Jan. 3rd, 2012

hypatia42: (Default)
I went grocery shopping and bought a package from groupon that is designed to kick my ass.

Tonight I start they new year rebuilding muscle and making my self image out to be what I want it to be. The car accident as resulting trauma have done their damage. It is time to take it back.

The grocery shopping is because that is something I can do for the household. I cannot diagnose electrical problems.

The new year dawned bright and cold and snowy. Just as it should be here. Now if only it would stay that way.
hypatia42: (Fire from water)
I finally got enough cumin in the chili. Its not a super huge batch so getting the proportions right has proved difficult.
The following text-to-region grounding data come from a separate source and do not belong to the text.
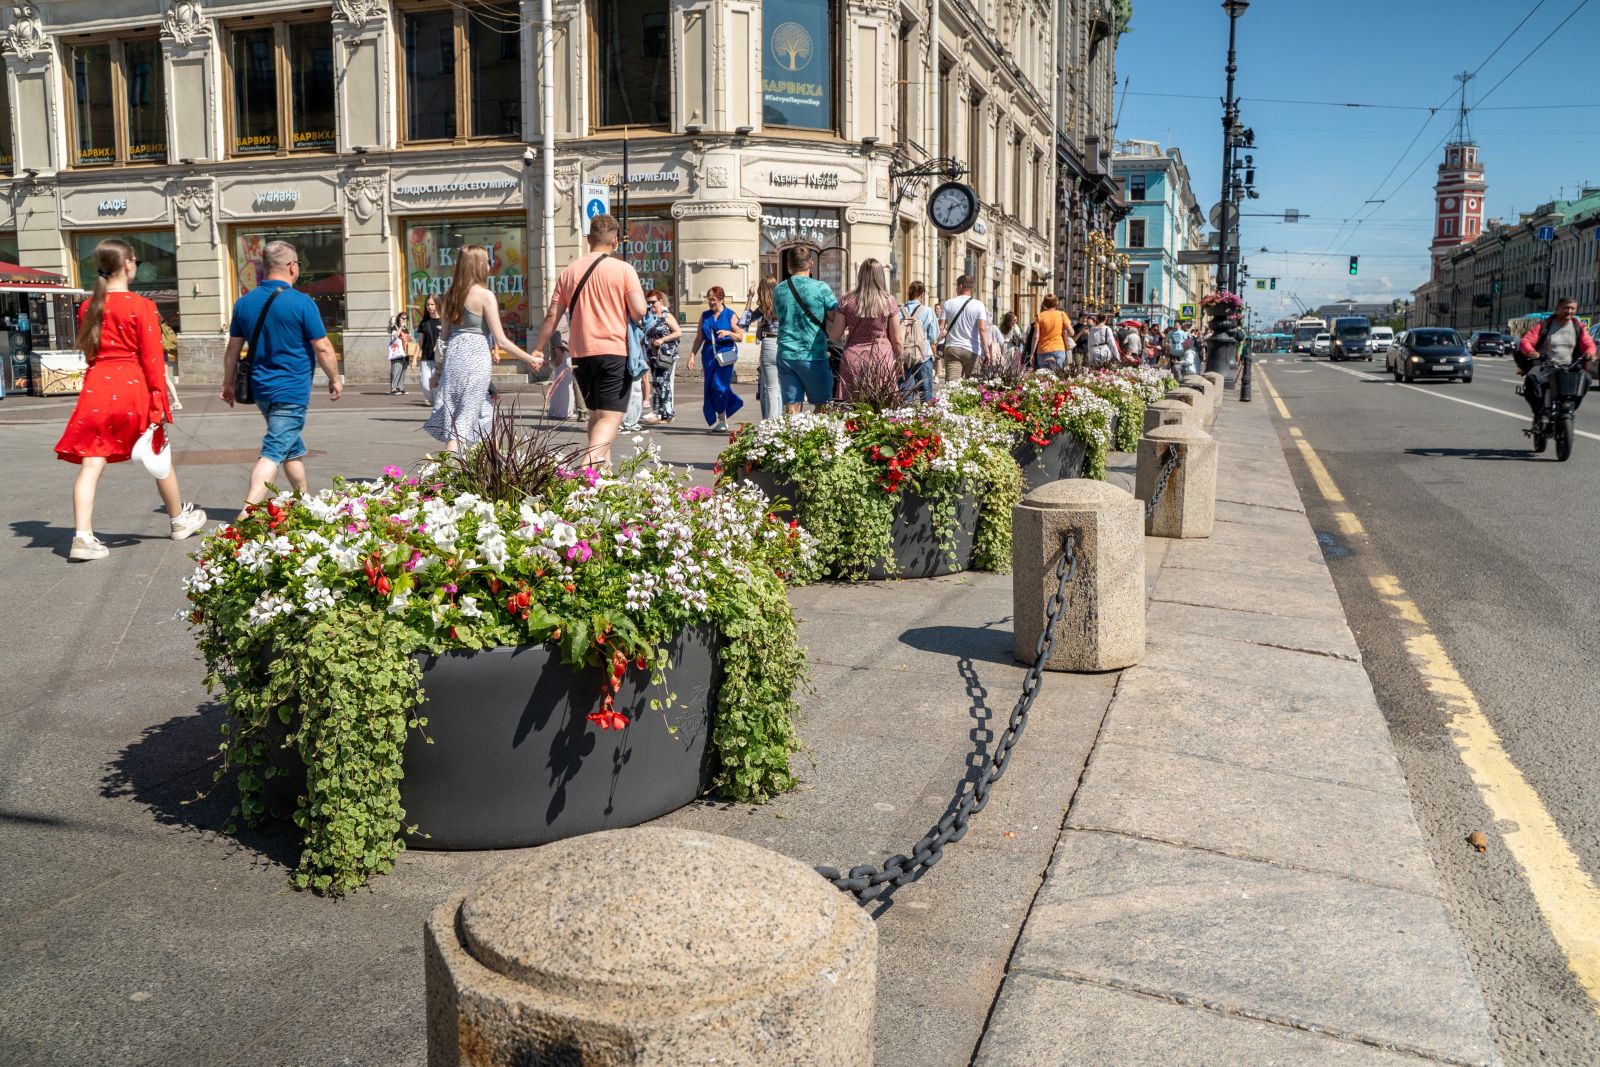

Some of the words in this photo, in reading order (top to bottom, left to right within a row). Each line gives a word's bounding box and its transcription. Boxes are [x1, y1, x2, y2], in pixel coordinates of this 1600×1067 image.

[396, 184, 443, 195] СЛАДОСТИ
[459, 181, 487, 190] ВСЕГО
[489, 180, 516, 189] МИРА
[99, 199, 127, 210] КАФЕ
[763, 215, 796, 226] STARS
[800, 218, 840, 228] COFFEE
[412, 274, 525, 297] МАРЛАД
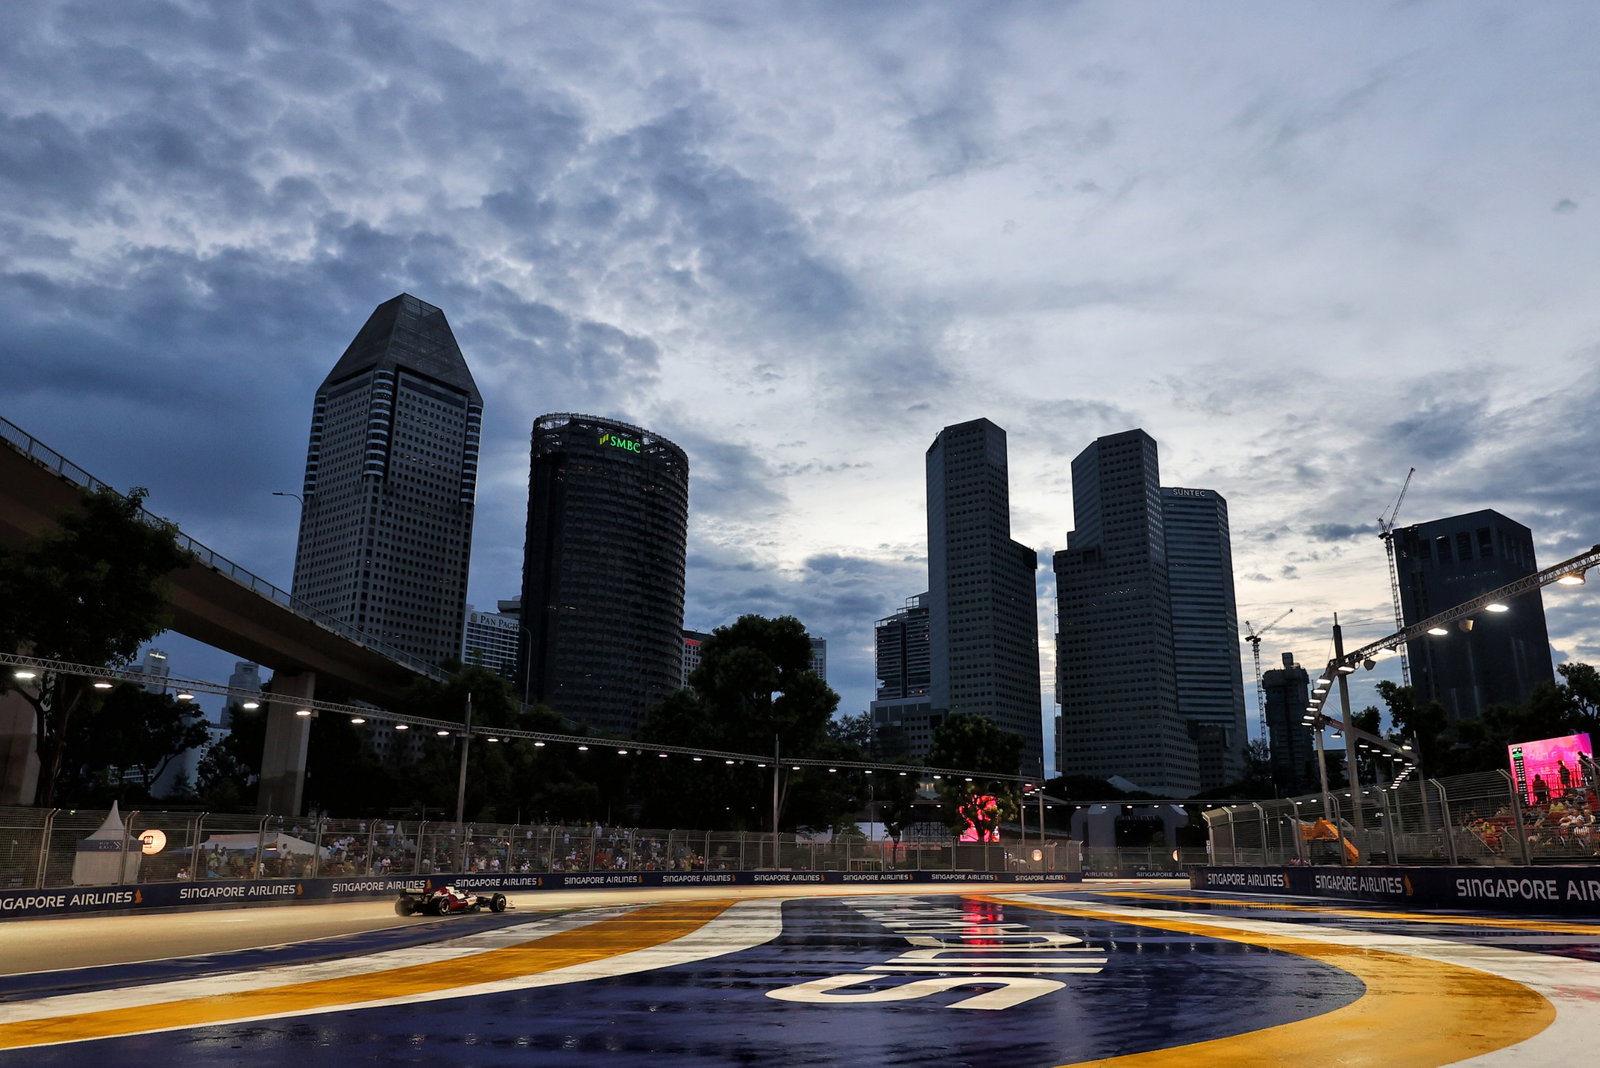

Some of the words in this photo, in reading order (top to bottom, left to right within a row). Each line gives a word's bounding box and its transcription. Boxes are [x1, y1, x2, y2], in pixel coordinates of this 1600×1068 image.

[609, 435, 641, 454] SMBC
[1172, 488, 1205, 497] SUNTEC
[480, 615, 496, 625] PAN
[454, 879, 501, 887] SINGAPORE
[502, 877, 538, 886] AIRLINES
[563, 877, 605, 885] SINGAPORE
[606, 876, 637, 884] AIRLINES
[662, 874, 701, 883] SINGAPORE
[702, 874, 732, 883] AIRLINES
[880, 873, 909, 881] AIRLINES
[931, 873, 966, 881] SINGAPORE
[967, 873, 994, 881] AIRLINES
[1207, 873, 1246, 886] SINGAPORE
[1247, 874, 1285, 888] AIRLINES
[331, 881, 385, 893] SINGAPORE
[386, 880, 426, 891] AIRLINES
[1314, 875, 1358, 891] SINGAPORE
[1359, 876, 1404, 894] AIRLINES
[1455, 878, 1560, 900] SINGAPORE
[179, 886, 246, 900] SINGAPORE
[247, 884, 296, 896] AIRLINES
[0, 895, 66, 911] GAPORE
[69, 891, 133, 906] AIRLINES
Large stock pot is currently making turkey stock that is EE safe. I can always add onions in the final product if she's not going to be around but having something I can offer her when needed feels good. It smells amazing. I just hope it will be done by the time I need to leave. Something tells me that leaving the burner on after leaving the house is a bad plan.
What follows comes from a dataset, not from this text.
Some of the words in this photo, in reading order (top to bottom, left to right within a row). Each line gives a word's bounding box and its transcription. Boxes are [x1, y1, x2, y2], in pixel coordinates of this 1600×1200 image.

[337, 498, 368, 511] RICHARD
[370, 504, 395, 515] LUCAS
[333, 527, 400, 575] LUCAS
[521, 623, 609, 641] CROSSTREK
Look Good Naked is a go. My first class is tonight. I have committed to go on Monday and Thursday evenings because EE has the office during class times. Tuesdays and Saturdays if I don't have clients. I am a little terrified. Probably suppressing the rest of the terrified. I'm scared I am going to wreck myself trying to get back to working shape. My brain knows I have done it before and can get there again but my brain weasels are reminding me how much pain I have been in and that this is only going to make that worse. Only in the short term if at all. I can do this. Honor limits, communicate boundaries, do it.